Wasps, in particular, can become a problem in autumn when they may disrupt many outdoor activities. People often mistakenly call all stinging insects "bees". While both social wasps and bees live in colonies ruled by queens and maintained by workers, they look and behave differently. It is important to distinguish between these insects because different methods may be necessary to control them if they become a nuisance.
Wasps have a slender body with a narrow waist, slender, cylindrical legs, and appear smoothed-skinned and shiny. Yellowjackets, baldfaced hornets, and paper wasps are the most common types of wasps encountered by people. Bees are robust-bodied and very hairy compared with wasps. Their hind legs are flattened for collecting and transporting pollen. Bees are important pollinators. Honey
bees are responsible for more than 80% of the pollination required by most fruits, legumes, and vegetable seed plants as well as many ornamentals that are grown in our landscapes. Bumblebees are important pollinators of native prairie plants.
Wasps are predators, feeding insects and other arthropods to their young, which develop in the nest. They are beneficial because they prey on many insects, including caterpillars, flies, crickets, and other pests. During late summer and fall, as queens stop laying eggs and their nests decline, wasps change their food gathering priorities and are more interested in collecting sweets and other carbohydrates. Some wasps may become aggressive scavengers around human food and may be common around outdoor activities where food or drinks are served. Bees feed only on nectar (carbohydrates) and pollen (protein) from flowers. Honey bees sometimes visit trash cans and soft-drink containers to feed on sugary foods.

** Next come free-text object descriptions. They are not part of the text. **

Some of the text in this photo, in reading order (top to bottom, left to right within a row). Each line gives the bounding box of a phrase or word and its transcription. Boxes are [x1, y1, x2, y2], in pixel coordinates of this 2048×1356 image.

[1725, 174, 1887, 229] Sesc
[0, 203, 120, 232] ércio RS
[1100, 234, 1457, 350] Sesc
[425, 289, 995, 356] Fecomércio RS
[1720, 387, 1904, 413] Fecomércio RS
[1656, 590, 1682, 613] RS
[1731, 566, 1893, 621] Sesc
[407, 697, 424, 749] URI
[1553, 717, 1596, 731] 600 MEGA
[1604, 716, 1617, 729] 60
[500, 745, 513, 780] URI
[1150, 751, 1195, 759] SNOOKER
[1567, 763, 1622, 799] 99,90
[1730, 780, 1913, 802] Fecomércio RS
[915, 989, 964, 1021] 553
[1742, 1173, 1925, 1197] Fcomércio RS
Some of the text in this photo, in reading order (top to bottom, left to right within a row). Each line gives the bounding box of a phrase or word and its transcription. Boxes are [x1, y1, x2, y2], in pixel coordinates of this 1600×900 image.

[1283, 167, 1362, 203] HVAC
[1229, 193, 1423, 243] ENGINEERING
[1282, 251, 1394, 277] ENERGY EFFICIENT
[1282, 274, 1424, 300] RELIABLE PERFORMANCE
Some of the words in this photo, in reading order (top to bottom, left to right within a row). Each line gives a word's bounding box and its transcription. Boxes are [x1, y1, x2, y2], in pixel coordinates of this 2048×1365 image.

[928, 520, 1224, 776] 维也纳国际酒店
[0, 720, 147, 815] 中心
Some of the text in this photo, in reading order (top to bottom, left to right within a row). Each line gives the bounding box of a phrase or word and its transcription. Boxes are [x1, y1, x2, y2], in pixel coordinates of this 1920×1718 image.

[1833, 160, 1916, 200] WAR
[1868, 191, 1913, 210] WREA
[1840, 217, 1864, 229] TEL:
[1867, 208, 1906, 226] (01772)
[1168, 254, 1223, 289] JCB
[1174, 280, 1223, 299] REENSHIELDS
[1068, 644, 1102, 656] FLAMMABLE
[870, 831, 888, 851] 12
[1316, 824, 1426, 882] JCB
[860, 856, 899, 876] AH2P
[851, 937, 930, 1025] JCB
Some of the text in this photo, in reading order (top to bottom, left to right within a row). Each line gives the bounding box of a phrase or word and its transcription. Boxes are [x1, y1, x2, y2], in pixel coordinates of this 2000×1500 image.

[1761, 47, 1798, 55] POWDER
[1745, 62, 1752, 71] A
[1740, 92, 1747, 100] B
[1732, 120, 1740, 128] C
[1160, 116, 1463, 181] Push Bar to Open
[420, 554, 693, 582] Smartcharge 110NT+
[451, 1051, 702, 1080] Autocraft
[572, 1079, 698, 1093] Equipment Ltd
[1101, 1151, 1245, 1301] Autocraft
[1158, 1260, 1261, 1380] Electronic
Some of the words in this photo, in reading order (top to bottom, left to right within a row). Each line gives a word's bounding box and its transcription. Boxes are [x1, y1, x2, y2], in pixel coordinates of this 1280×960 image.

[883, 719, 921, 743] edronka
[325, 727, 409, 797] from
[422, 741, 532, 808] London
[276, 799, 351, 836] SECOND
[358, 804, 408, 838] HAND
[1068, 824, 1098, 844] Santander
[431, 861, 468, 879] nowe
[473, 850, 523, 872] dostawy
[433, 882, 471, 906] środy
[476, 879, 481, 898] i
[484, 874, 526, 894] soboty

Wasps and bees sting to defend themselves or their colony. Stinging involves the injection of a protein venom that causes pain and other reactions. Wasps and bumblebees can sting more than once because they are able to pull out their stinger without injury to themselves. If you are stung by a wasp or bumblebee, the stinger is not left in your skin. Honey bees have barbs on their stinger which remain hooked in the skin. The stinger, which is connected to the digestive system of the bee, is torn out of the abdomen as the bee attempts to fly away. As a result, the bee soon dies. If you are stung by a honey bee, scratch out the stinger (with its attached venom gland) with your fingernail as soon as possible. Do not try to pull out the stinger between two fingers. Doing so only forces more venom into your skin, causing greater irritation. Most people have only local reactions to wasp and bee stings, although a few may experience more serious allergic reactions. Local, nonallergic reactions range from burning, itching, redness, and tenderness to massive swelling and itching that may last up to a week. These local reactions can be treated with ice, vinegar, honey, meat tenderizer, or commercial topical ointment to relieve the itching. An allergic reaction may include hives or rash, swelling away from the sting site, headache, minor respiratory symptoms, and stomach upset. These allergic reactions are not life-threatening and can be readily treated with an antihistamine. Very rarely, a person may suffer a life-threatening, systemic allergic reaction to a bee or wasp sting, which can cause anaphylactic shock (fainting, difficulty breathing, swelling, and blockage in the throat) within minutes of being stung. These systemic symptoms are cause for immediate medical attention. People with known systemic allergic reactions to bee or wasp stings should consult with their physician to obtain an Epi-PenTM or Ana-Guard Sting KitTM to carry with them at all times. The venoms of bees and wasps are different, so having a severe reaction to a wasp sting does not mean a person will have the same reaction to a bee sting.